* Task details *
Restate the entries below exactly, and keep all images out of the answer.

* Spatial localization data *
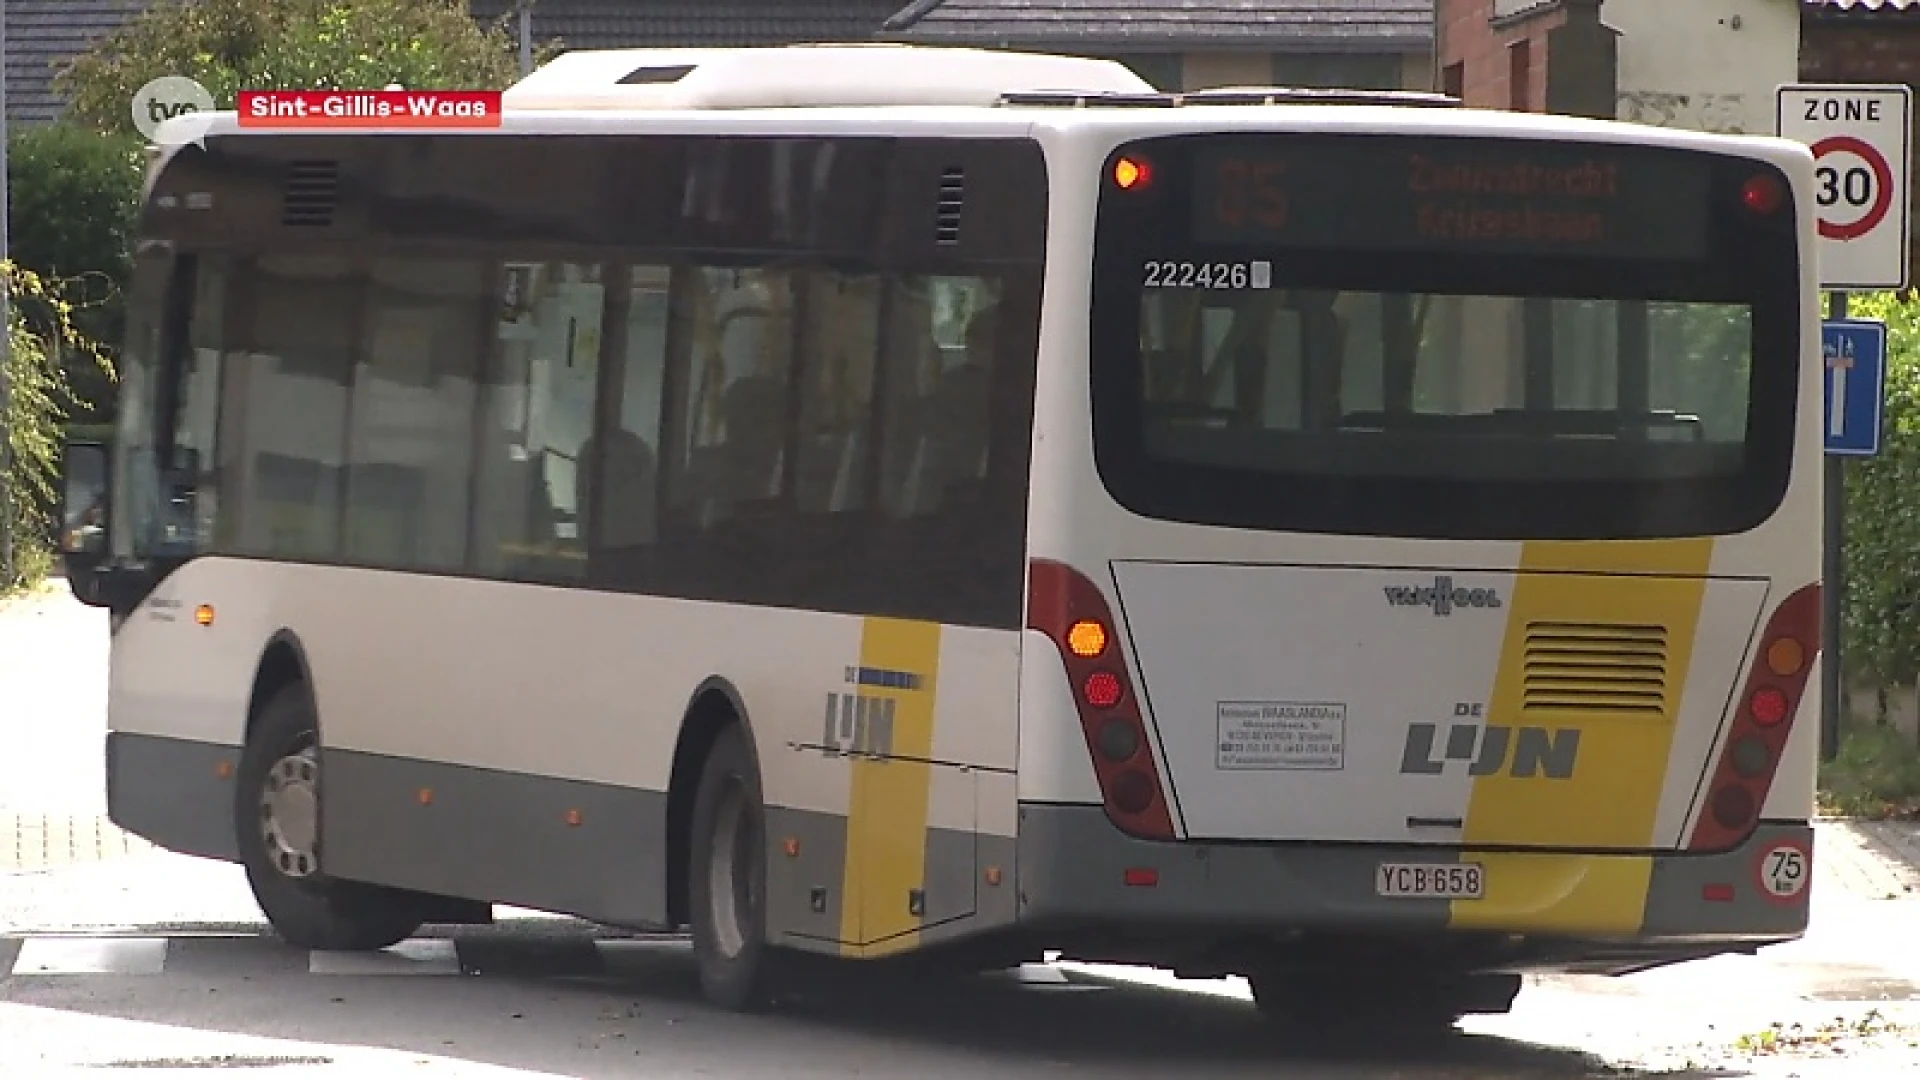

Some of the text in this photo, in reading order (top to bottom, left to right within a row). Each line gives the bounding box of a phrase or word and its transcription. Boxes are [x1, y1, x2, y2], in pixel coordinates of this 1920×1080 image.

[1804, 99, 1881, 121] ZONE
[1815, 167, 1871, 206] 30
[1144, 261, 1247, 289] 222426
[1454, 702, 1482, 716] DE
[1400, 722, 1581, 778] LIJN
[1771, 851, 1801, 878] 75

* Task solution *
Some of the text in this photo, in reading order (top to bottom, left to right within a row). Each line gives the bounding box of a phrase or word and its transcription. Boxes are [x1, y1, x2, y2], in pixel coordinates of this 1920×1080 image.

[1804, 99, 1881, 121] ZONE
[1815, 167, 1871, 206] 30
[1144, 261, 1247, 289] 222426
[1454, 702, 1482, 716] DE
[1400, 722, 1581, 778] LIJN
[1771, 851, 1801, 878] 75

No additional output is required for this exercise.